Thursday, March 14, 2013

How X Feels

Sex makes me feel good, but it also makes me feel bad
Sex makes me cry, but it also makes me smile

It feeds my longing, but it also starves my soul
It feeds my feelings, but it also deprives my emotions

When I engage in it, my heart becomes extremely heavy
When I engage in it, my mind becomes exceedingly weak

After it's over my being feels unreal
After it's over I feel unbecomingly

I incure emptiness and brokenness more deepened every time I use my body
I incure voidance and uncompleteness more vividly every time I use my body

Already shattered, sex fractures me
Already fragmented, sex damages me

Why do what causes so much pain? It's a learned experience
Why continue to do what results in affliction? It's a childhood disease grown

My ways are to submit to a man, it is what I am lettered to do
My ways are to accede to what a man wants from me, it is what I have been tutored to do

Sex is my reminded continued confirmation that molestation existed
Sex is my reminded ongoing substantiation that molestation is wrong in its nature

It steals my happiness, it clones bliss
It steals my peace of mind, it clones calmness...

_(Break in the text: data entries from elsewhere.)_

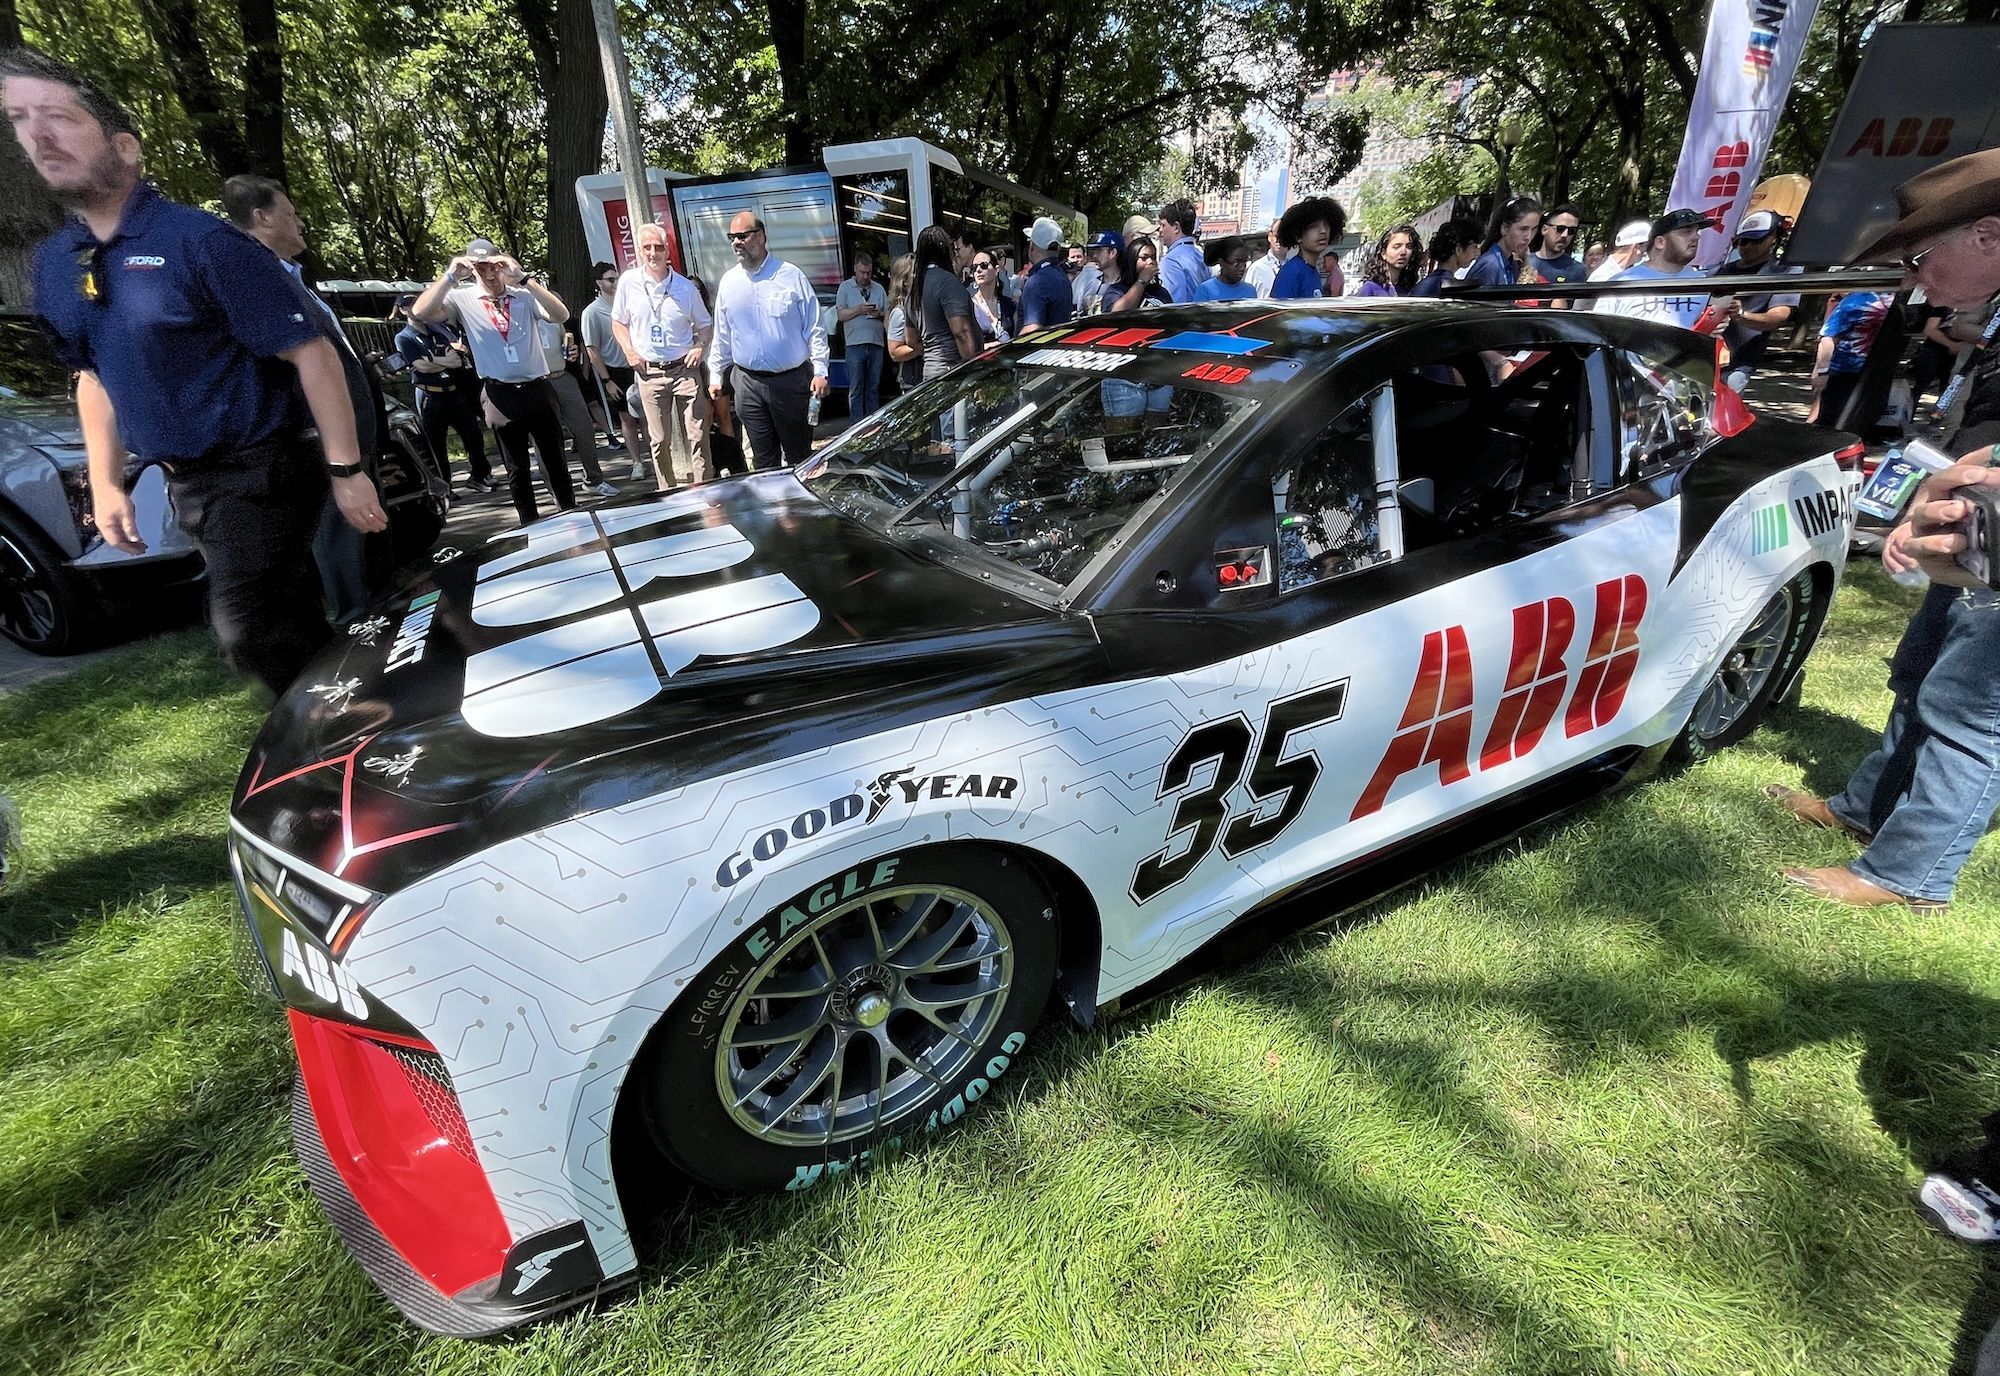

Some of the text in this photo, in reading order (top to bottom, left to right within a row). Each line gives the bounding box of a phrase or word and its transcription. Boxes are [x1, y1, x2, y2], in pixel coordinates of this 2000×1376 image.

[1846, 117, 1955, 157] ABB
[1703, 140, 1750, 234] ABB
[127, 256, 166, 267] FORD
[1017, 349, 1138, 371] NASCAR
[1181, 363, 1252, 384] ABB
[383, 603, 438, 674] IMPACT
[1349, 573, 1649, 823] ABB
[1127, 676, 1351, 907] 35
[745, 858, 900, 961] EAGLE
[283, 927, 369, 1021] ABB
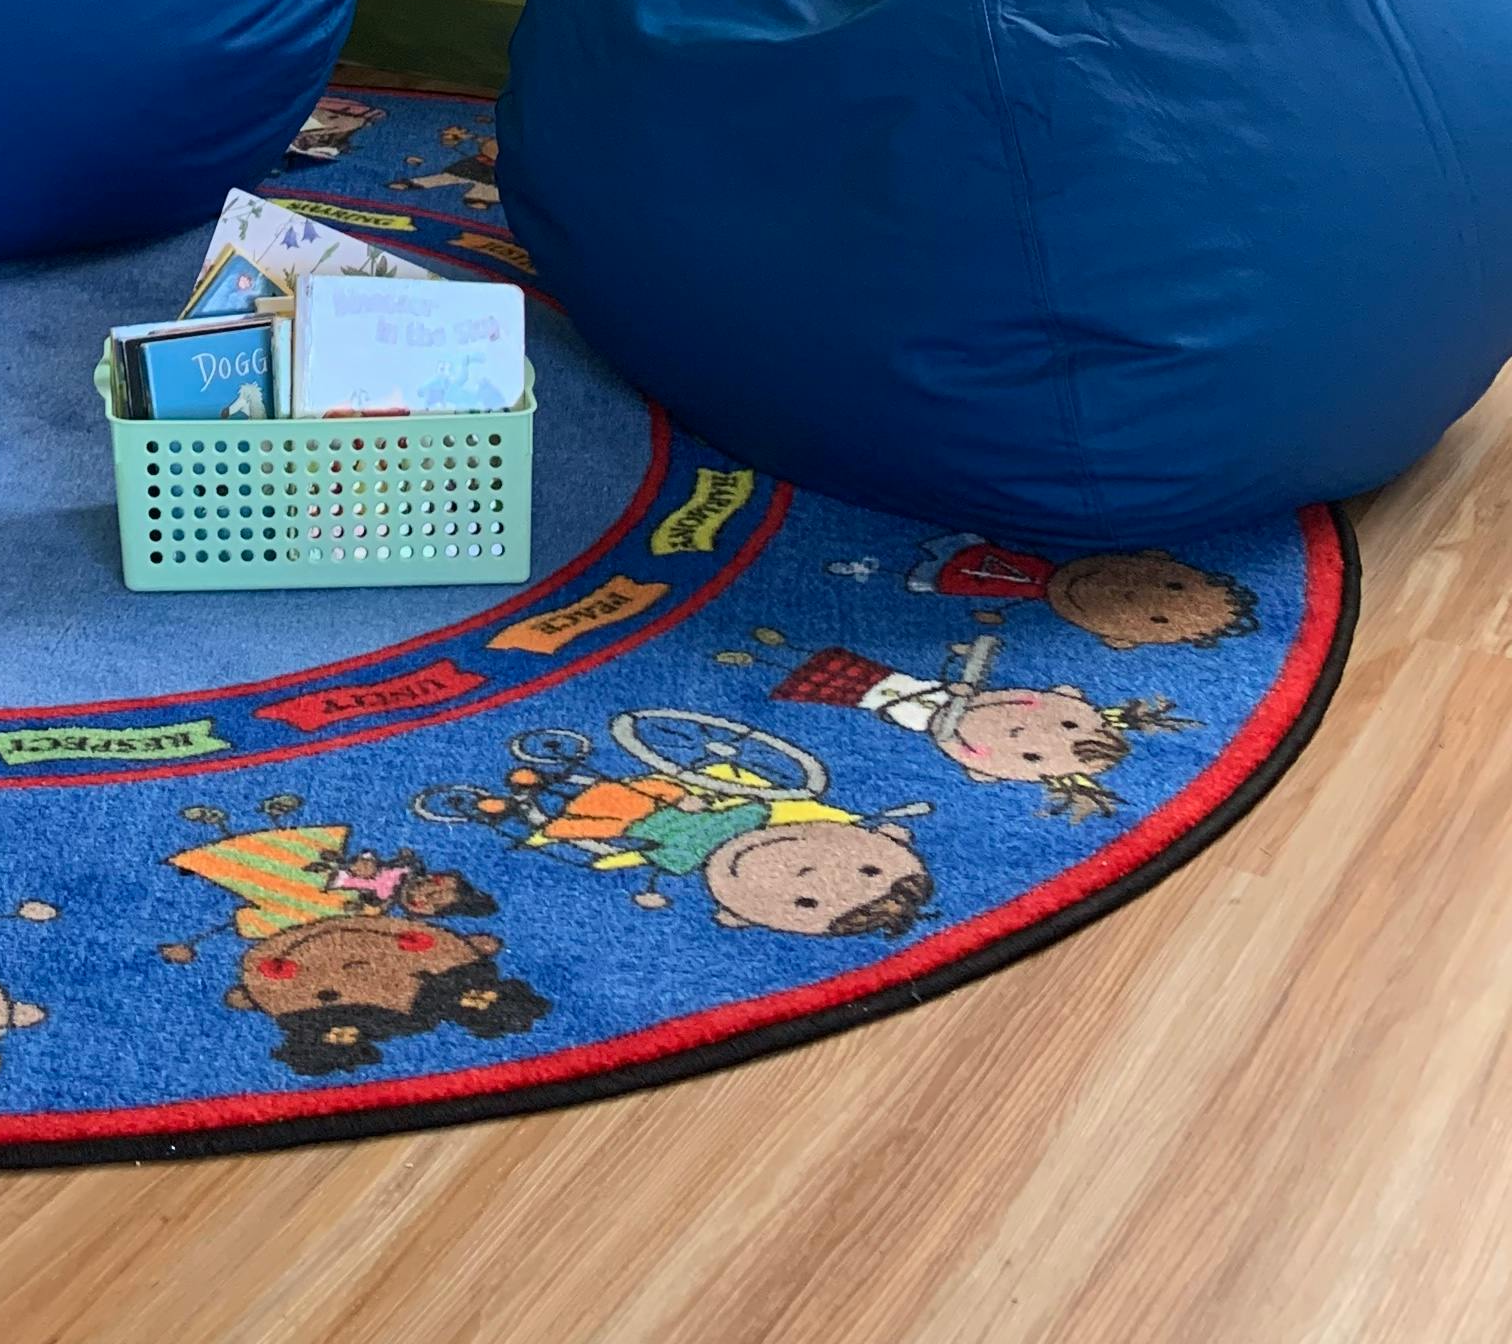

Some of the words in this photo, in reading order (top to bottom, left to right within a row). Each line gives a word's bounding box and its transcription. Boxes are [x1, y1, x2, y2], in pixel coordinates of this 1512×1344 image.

[286, 201, 394, 226] SHARING
[668, 473, 738, 549] HARMONY
[530, 591, 633, 635] PEACE
[322, 678, 449, 715] UNITY
[9, 730, 194, 754] RESPECT

Sex makes me feel good, but it also makes me feel bad
Sex makes me cry, but it also makes me smile
^This is how sex makes me feel, this can't be normal
^This is how sex makes me feel, I am sexually abnormal

It feeds my longing, but it also starves my soul
It feeds my feelings, but it also deprives my emotions
^The normalcy of the constant being of these sensations lives within me every day
^The normalcy of the functions experienced together, the sex and pain, arrives in me every time

When I engage in it, my heart becomes extremely heavy
When I engage in it, my mind becomes exceedingly weak
^The emotionally anguished affects of being abused is always present with my current encounters
^The sentimented distress affects of being assaulted is always occurring with my present encounters

Already shattered, sex fractures me
Already fragmented, sex damages me
^My past experience stole every thing away from me, my innocence was taken
^My past hurt and pain steals every bit of satisfaction from my current meetings, I think I'm trying to find my innocence....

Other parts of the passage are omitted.